_WHAT THE TASK ASKS_
Which lines run from the one containing "Some of the words" to the end of the records? Write them out exactly, both ends included, and nothing else.

*** Opening of RECORD EXTRACTS ***

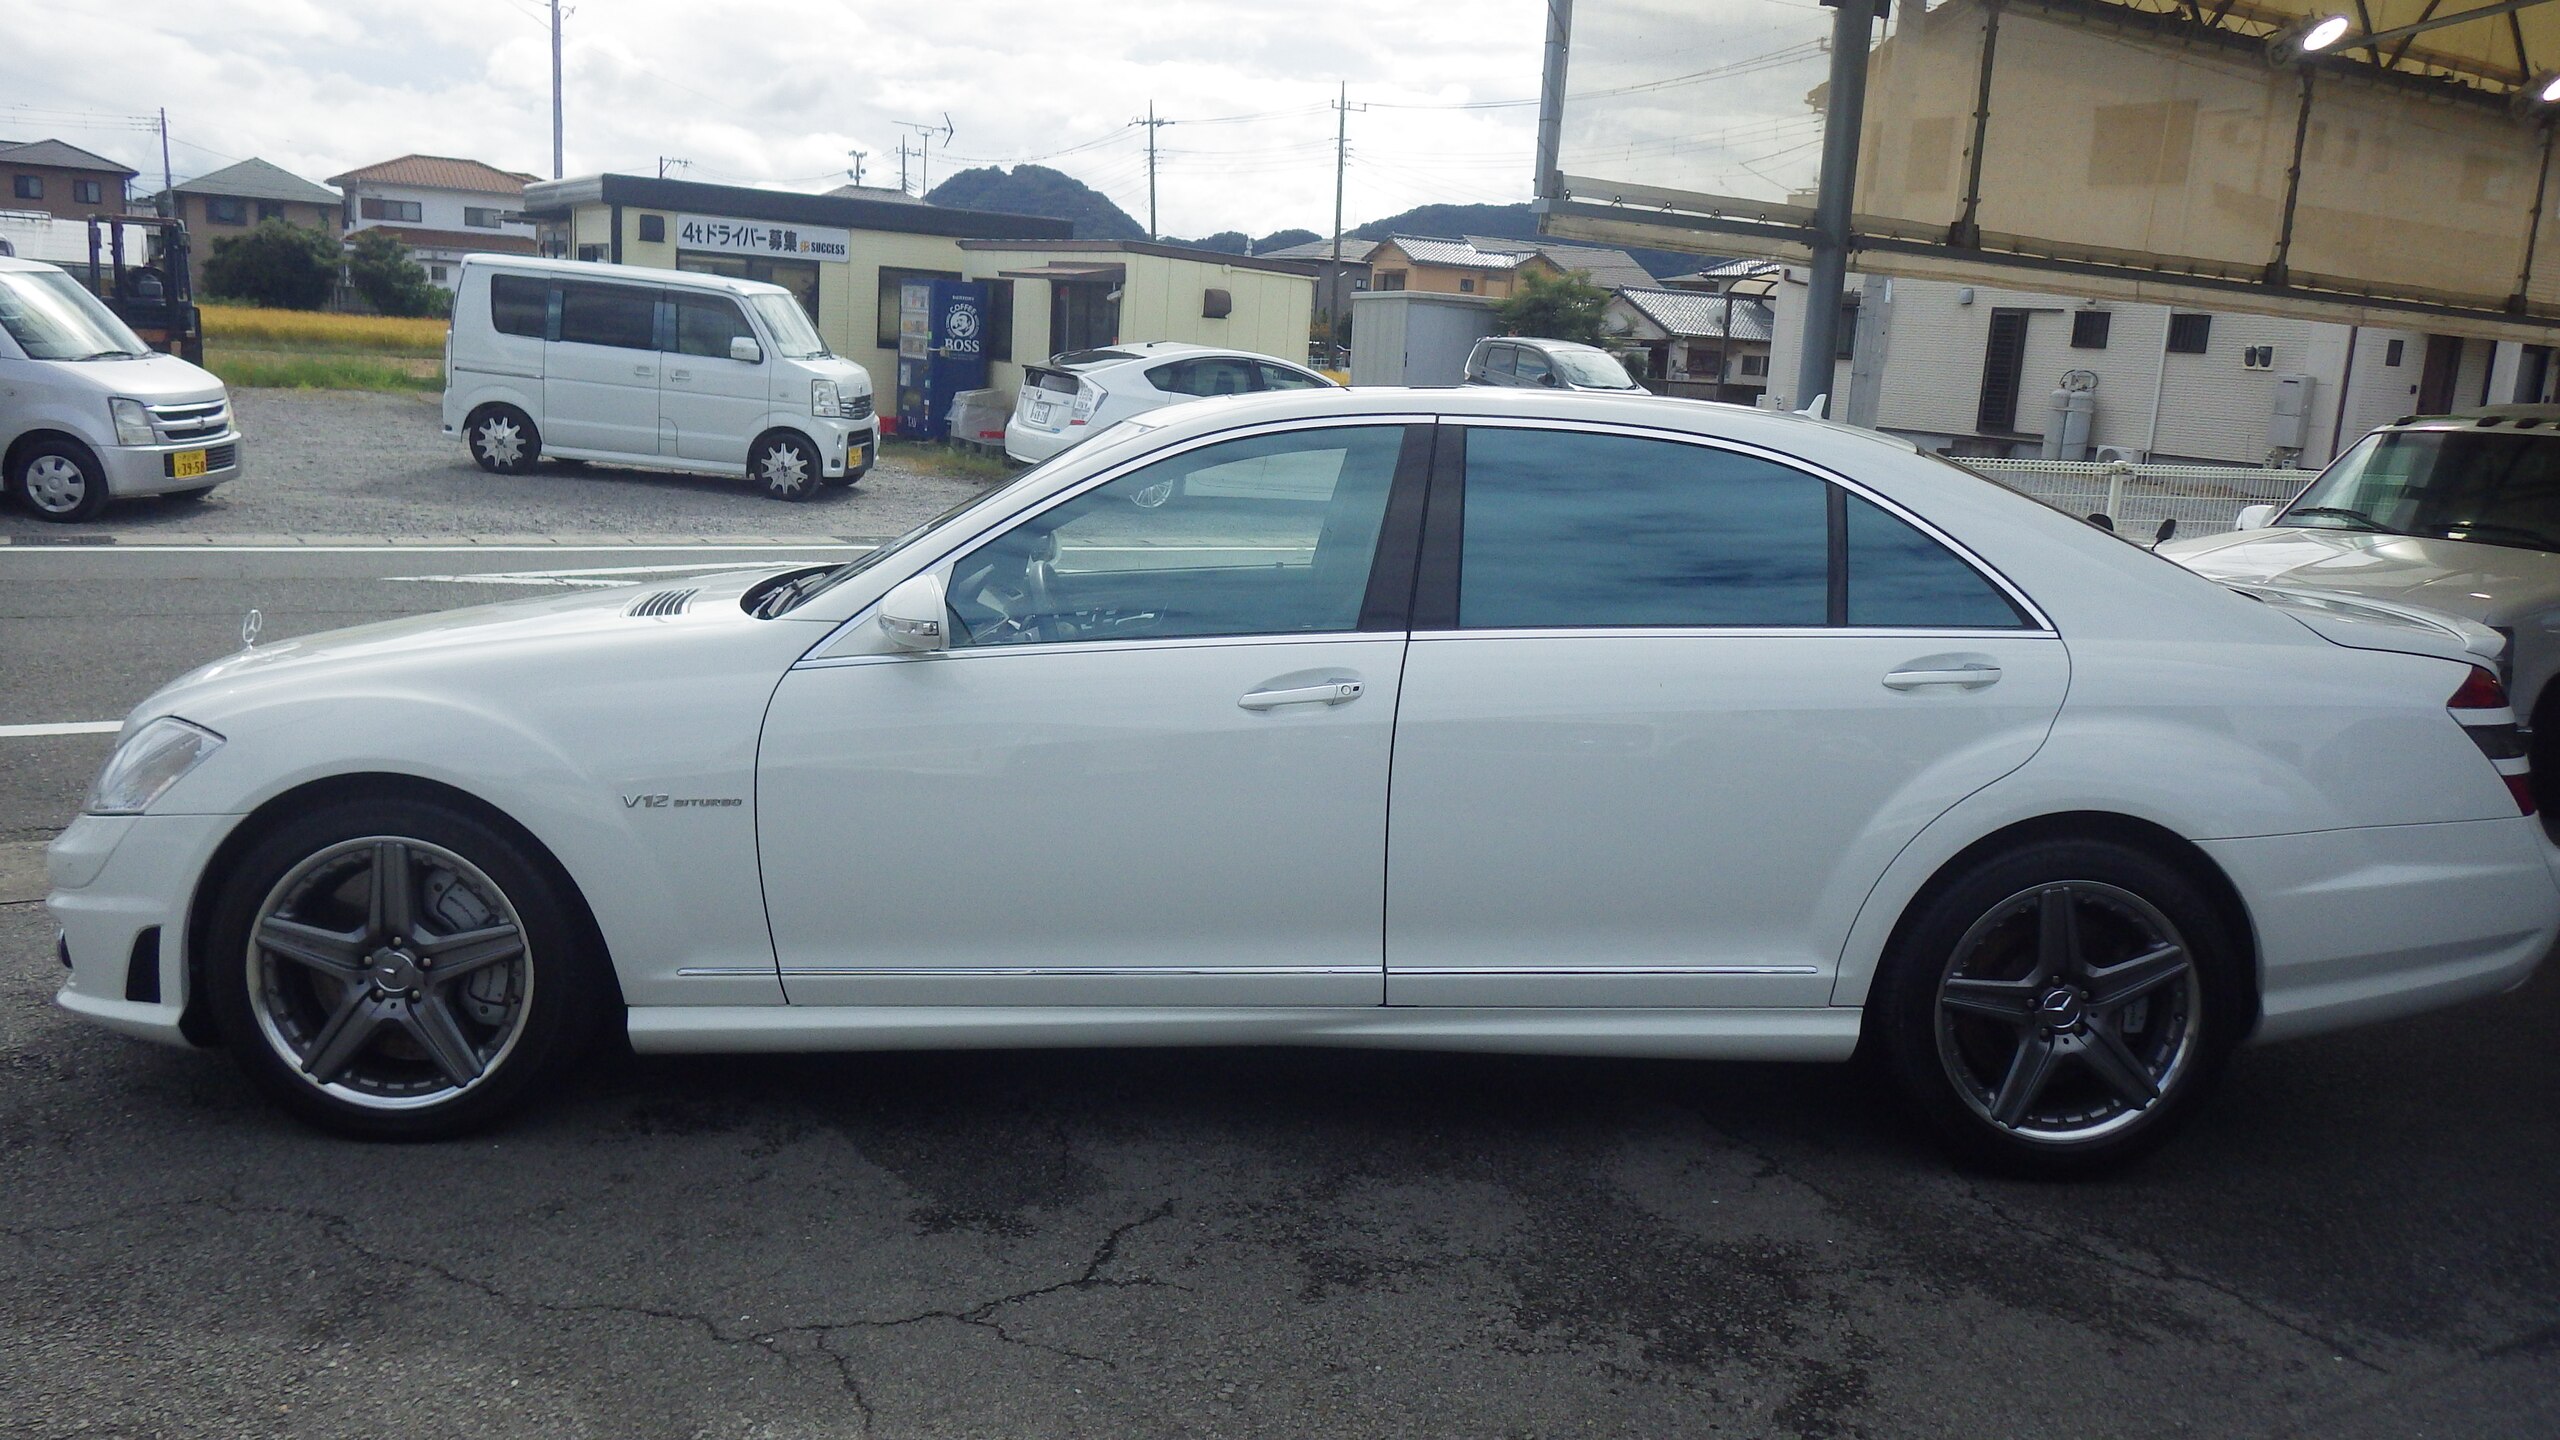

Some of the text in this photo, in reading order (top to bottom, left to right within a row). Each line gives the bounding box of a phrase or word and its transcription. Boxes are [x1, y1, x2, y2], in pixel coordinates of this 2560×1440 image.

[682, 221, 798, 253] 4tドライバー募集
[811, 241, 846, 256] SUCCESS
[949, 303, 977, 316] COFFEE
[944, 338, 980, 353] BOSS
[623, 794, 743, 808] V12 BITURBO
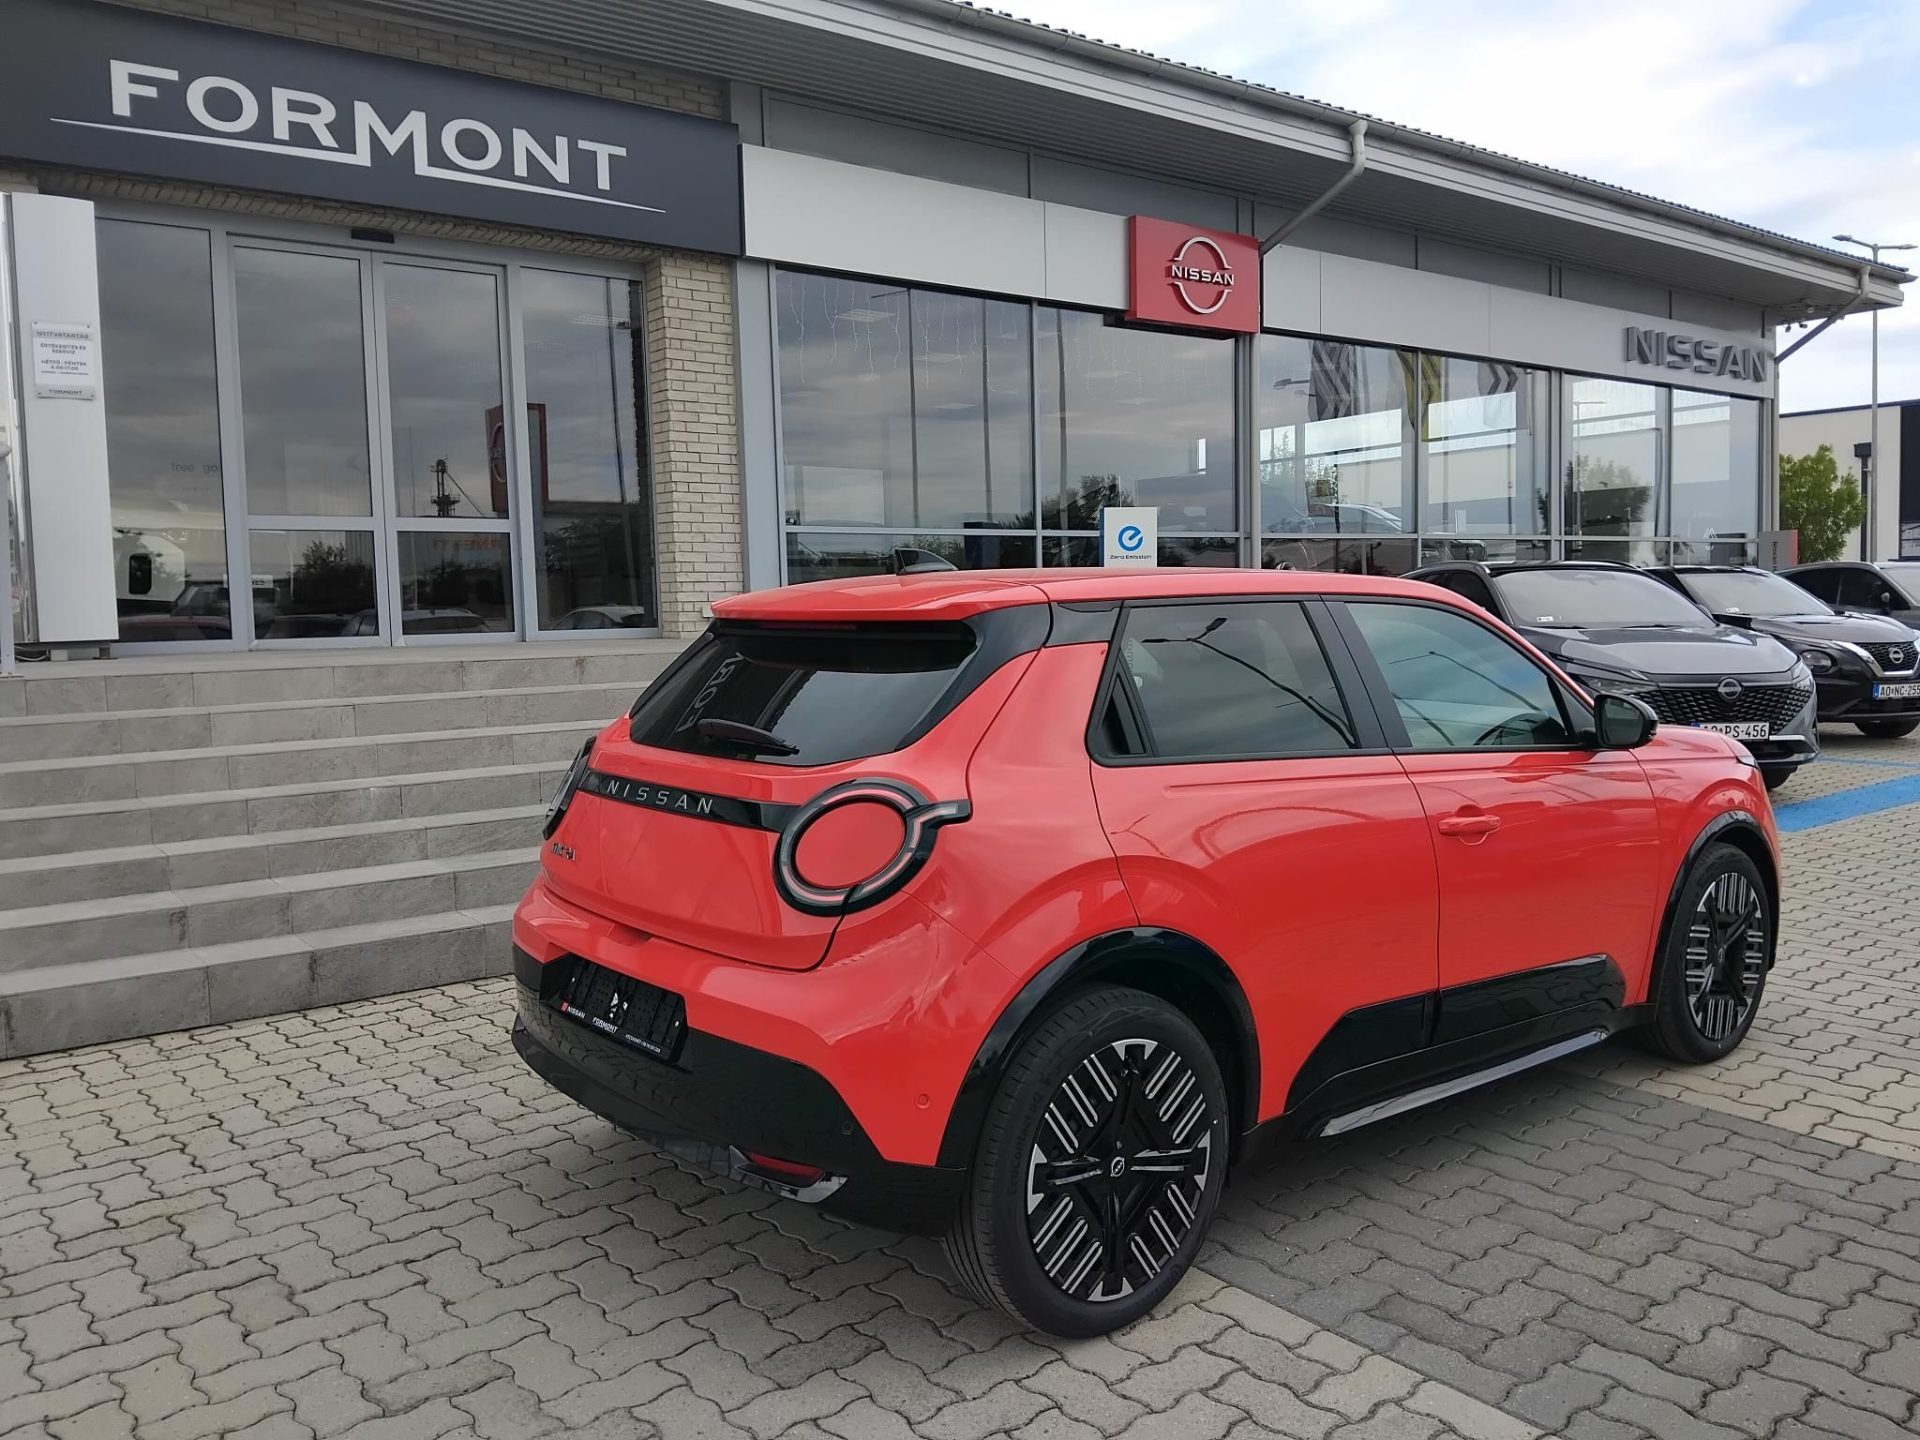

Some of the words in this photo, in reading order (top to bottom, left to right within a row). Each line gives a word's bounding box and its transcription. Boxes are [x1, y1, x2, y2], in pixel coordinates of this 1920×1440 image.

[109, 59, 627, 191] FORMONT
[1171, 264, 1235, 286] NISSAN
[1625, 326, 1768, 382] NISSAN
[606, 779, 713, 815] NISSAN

*** Close of RECORD EXTRACTS ***

_YOUR SOLUTION_
Some of the words in this photo, in reading order (top to bottom, left to right within a row). Each line gives a word's bounding box and its transcription. Boxes are [x1, y1, x2, y2], in pixel coordinates of this 1920×1440 image.

[109, 59, 627, 191] FORMONT
[1171, 264, 1235, 286] NISSAN
[1625, 326, 1768, 382] NISSAN
[606, 779, 713, 815] NISSAN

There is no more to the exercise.